Horn formula

Horn formulas are an important type of predicate logic formula. They play a central role in logical programming and are important for constructive logic. They were named after the American mathematician Alfred Horn .

definition

A clause, also known as a disjunction term , is the disjunction

${\ displaystyle \ phi _ {1} \ vee \ phi _ {2} \ vee \ ldots \ vee \ phi _ {n}}$ of literals , each being either an atomic expression (a positive literal) or the negation of such (a negative literal). ${\ displaystyle \ phi _ {i}}$ A Horn clause is a clause with at most one positive literal; H. with at most one literal that is not a negation.

In the special case of propositional logic, a typical Horn clause looks like this:

${\ displaystyle \ neg p \ lor \ neg q \ vee \ ldots \ vee \ neg t \ vee u}$ In this case, except for all atomic expressions (in this example they are propositional variables) are negations. ${\ displaystyle u}$ A Horn formula is a conjunctive normal form (that is, a conjunction of disjunctions) in which each disjunction term is a Horn clause.

Examples:

• ${\ displaystyle (\ neg p \ vee \ neg q \ vee r) \ wedge (p \ vee \ neg q \ vee \ neg s) \ wedge (\ neg r \ vee \ neg s)}$ The third Horn clause has no, the other two Horn clauses each have a positive literal.
• ${\ displaystyle (x_ {1} \ vee \ neg x_ {2} \ vee \ neg x_ {3}) \ wedge (\ neg x_ {1} \ vee \ neg x_ {2} \ vee \ neg x_ {3} \ vee x_ ​​{4})}$ Forms of representation of Horn clauses

Horn clauses can also be represented as material implications according to the rules of propositional logic . In the simplest case of a Horn clause with two literals, it is known that:

${\ displaystyle \ neg \ phi \ vee \ psi = \ phi \ Rightarrow \ psi}$ By definition, a Horn clause can contain exactly one or no positive literal (i.e. at most one atomic expression). It can also happen that there are no negations at all among the literals. There are therefore three basic types of Horn clauses. The following table gives an overview of these three possible forms of a Horn clause, both as a disjunction and as an implication.

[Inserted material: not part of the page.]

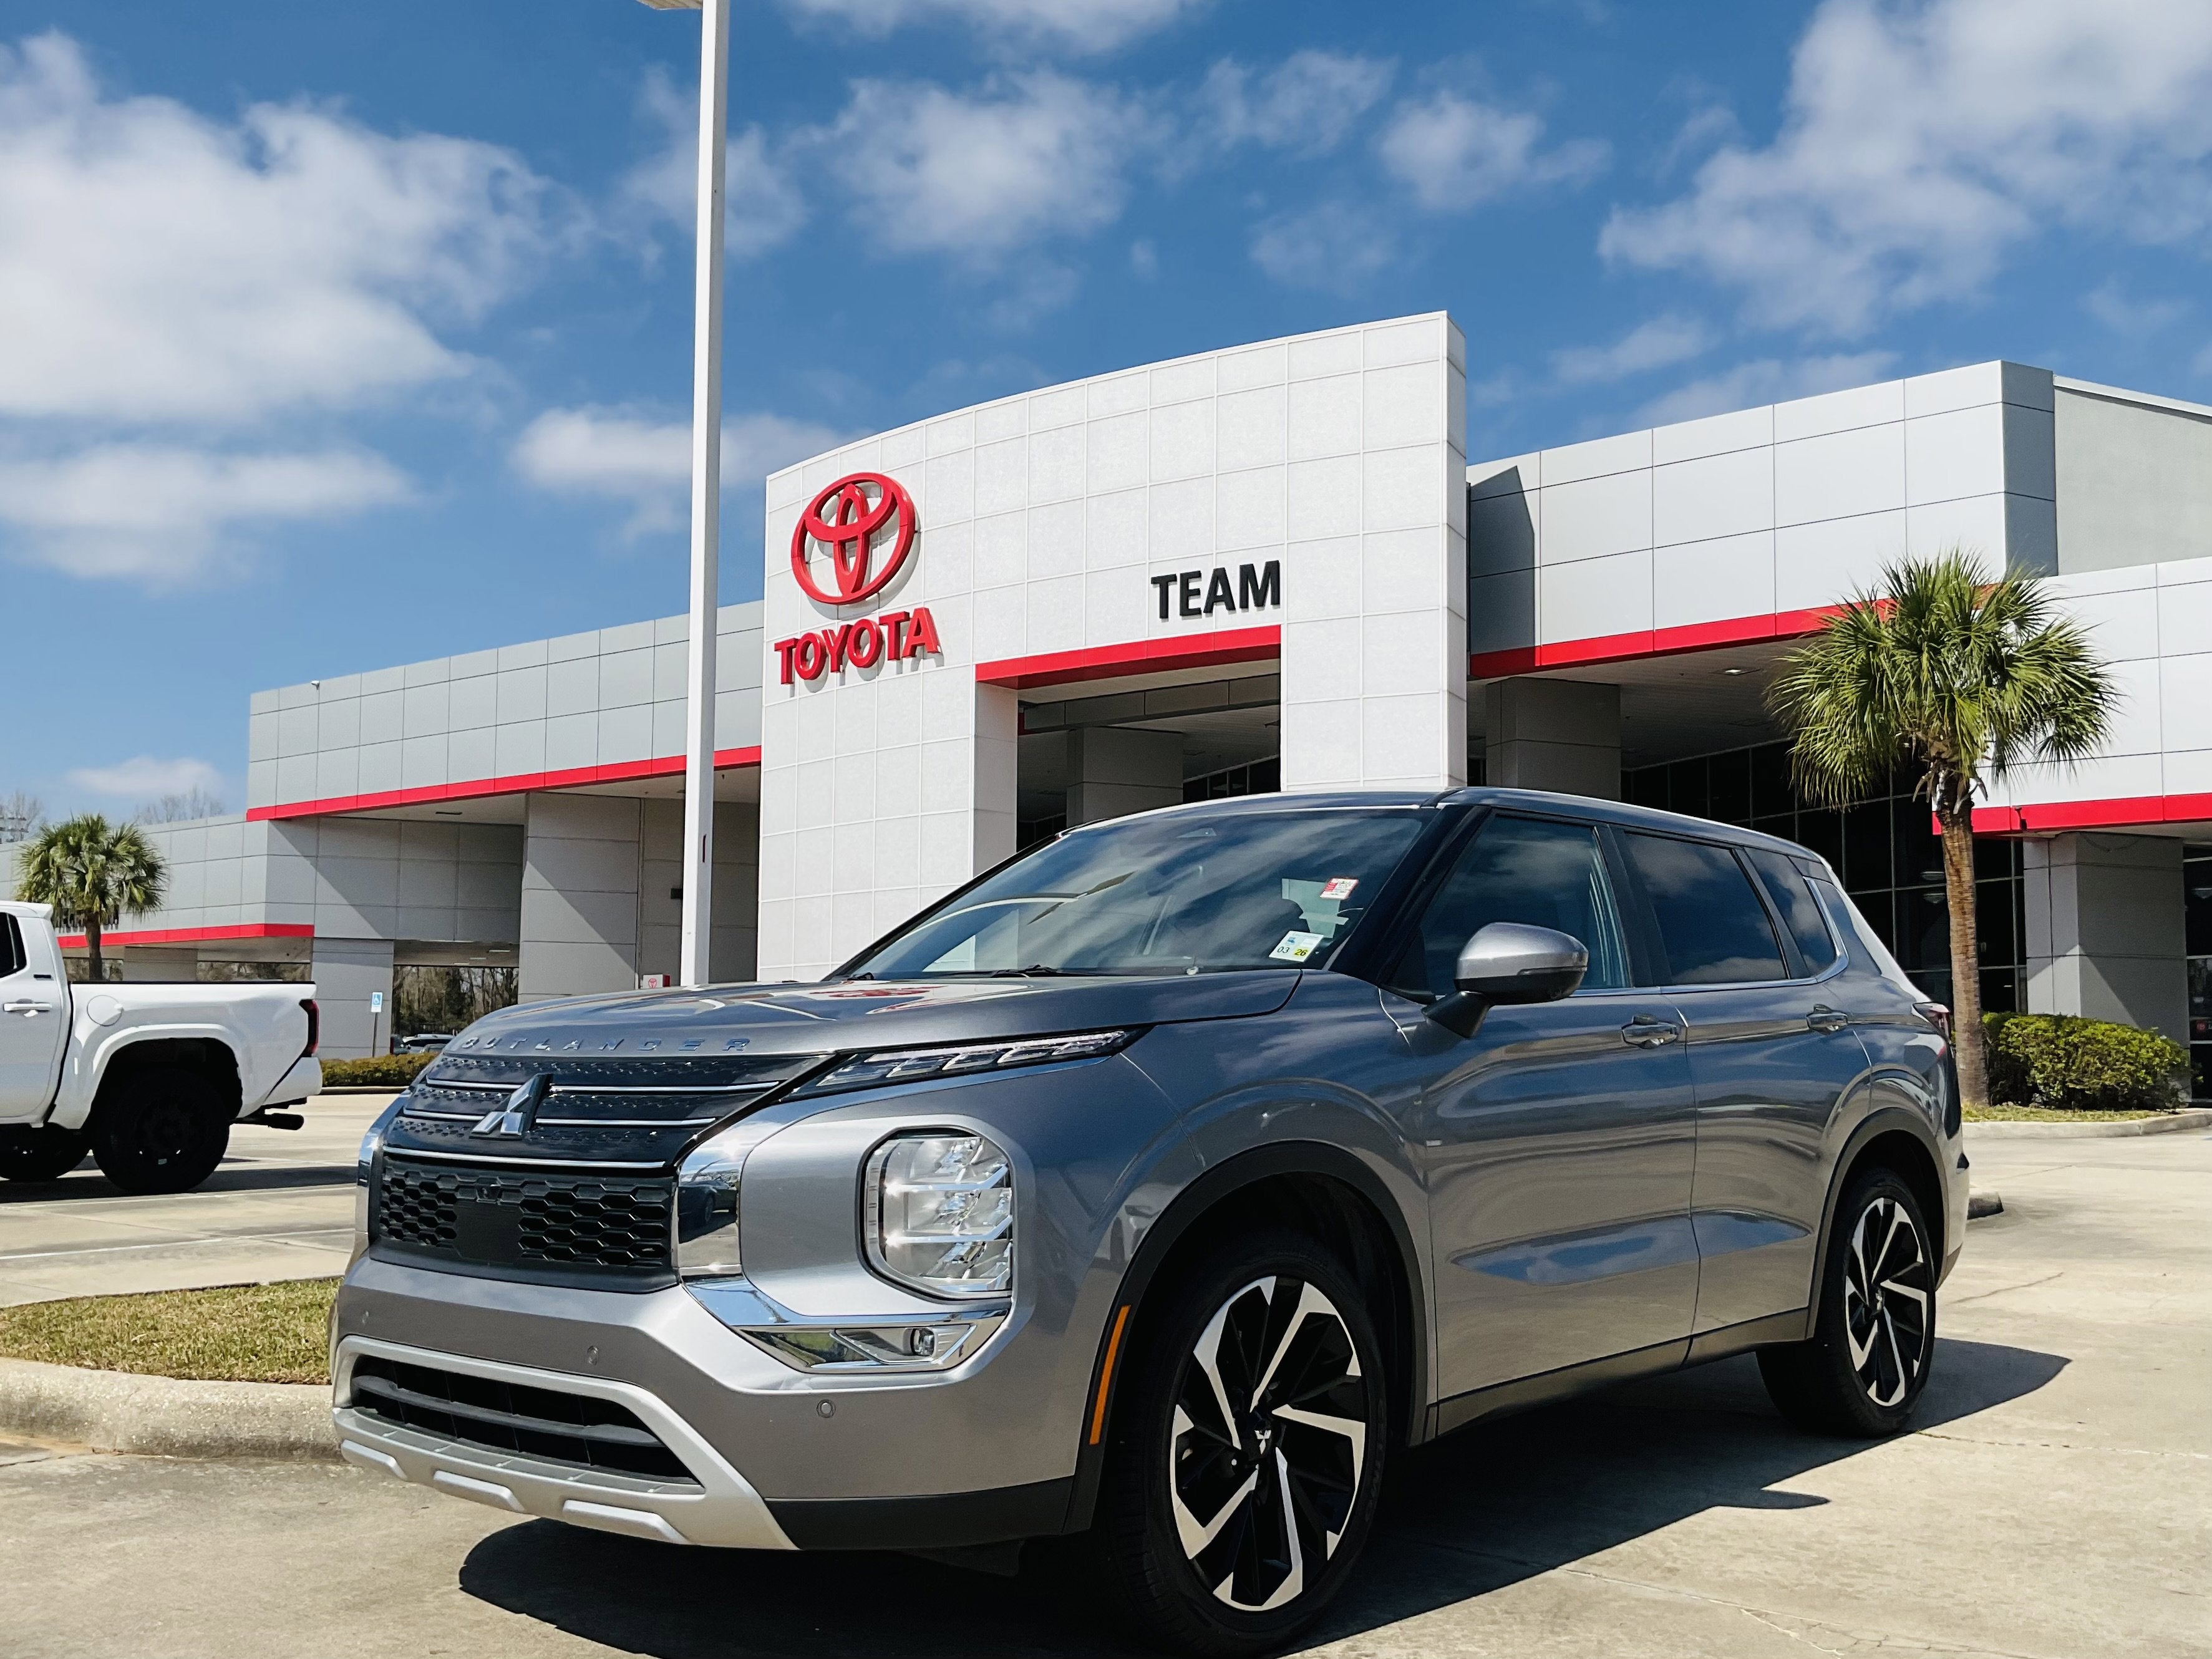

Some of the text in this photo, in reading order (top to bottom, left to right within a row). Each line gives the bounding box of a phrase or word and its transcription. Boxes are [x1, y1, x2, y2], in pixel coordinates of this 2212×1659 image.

[1151, 560, 1280, 619] TEAM
[775, 607, 941, 685] TOYOTA
[462, 1037, 750, 1052] OUTLANDER
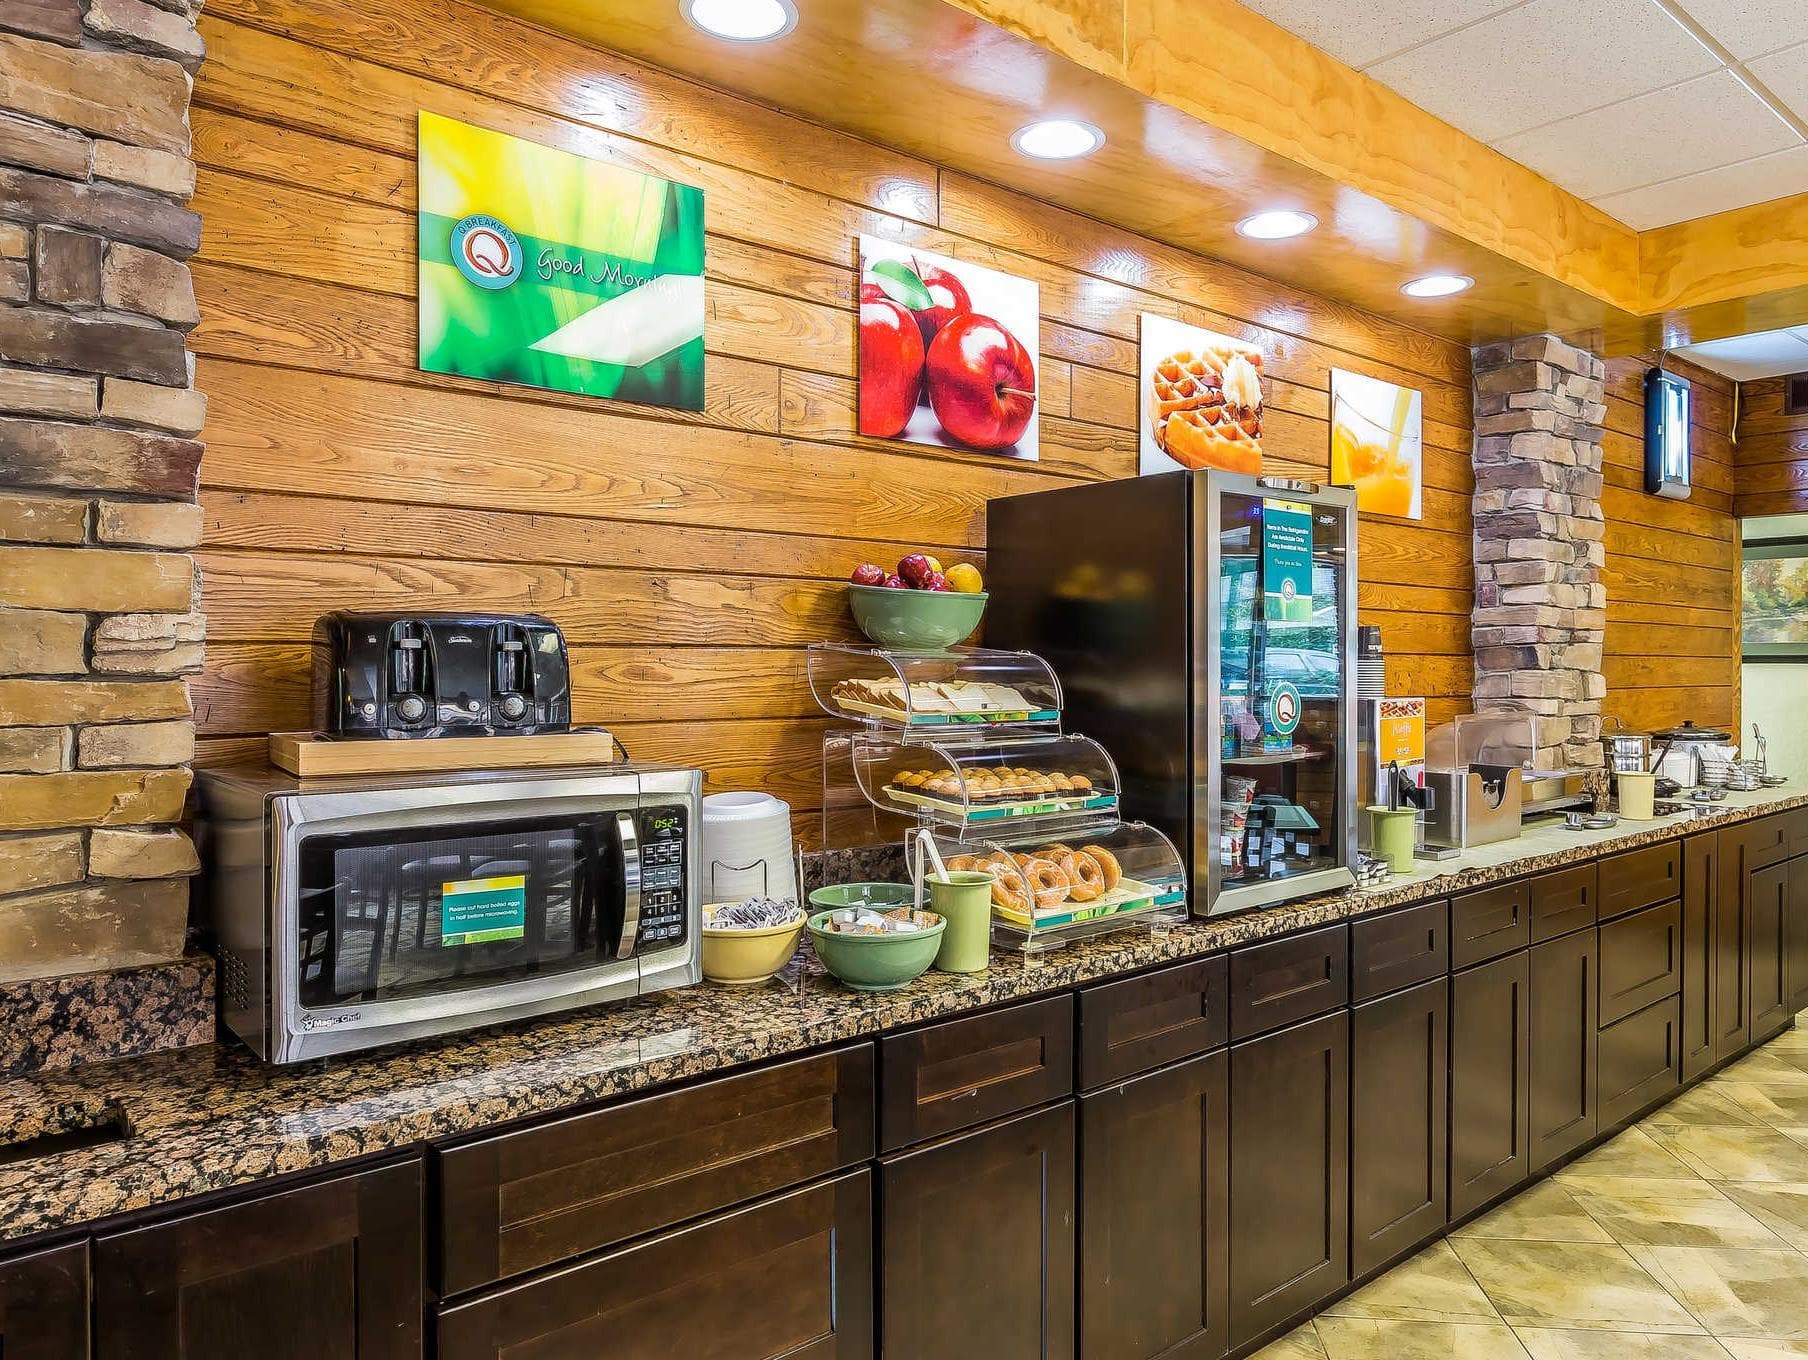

Surname description Disjunction implication In words
Target clause No positive literal
At least one negative literal
${\ displaystyle \ neg x_ {1} \ vee \ ldots \ vee \ neg x_ {n}}$ ${\ displaystyle x_ {1} \ wedge \ ldots \ wedge x_ {n} \ Rightarrow 0}$ ${\ displaystyle x_ {1}, \ ldots, x_ {n}}$ are not all true
Definite Horn clause Exactly one positive literal
At least one negative literal
${\ displaystyle \ neg x_ {1} \ vee \ ldots \ vee \ neg x_ {n} \ vee y}$ ${\ displaystyle x_ {1} \ wedge \ ldots \ wedge x_ {n} \ Rightarrow y}$ If are true, then is also true ${\ displaystyle x_ {1}, \ ldots, x_ {n}}$ ${\ displaystyle y}$ Factual clause Exactly one positive literal
No negative literal
${\ displaystyle y \! \;}$ ${\ displaystyle 1 \ Rightarrow y}$ ${\ displaystyle y \! \;}$ is true

Satisfiability

With the help of the marking algorithm , Horn formulas can be tested in polynomial time for satisfiability (in addition, HORNSAT is P-complete ). So you can determine in polynomial time whether a variable assignment (an assignment of truth values ​​to the literals occurring in the Horn formula) exists for which the Horn formula becomes true. In contrast to this, it is assumed that there is generally no polynomial time algorithm for propositional logic formulas (see the satisfiability problem of propositional logic ).

application

The importance of the Horn clauses is in the computer science in mechanical Close . So in are programming language Prolog programs specified as Horn clauses.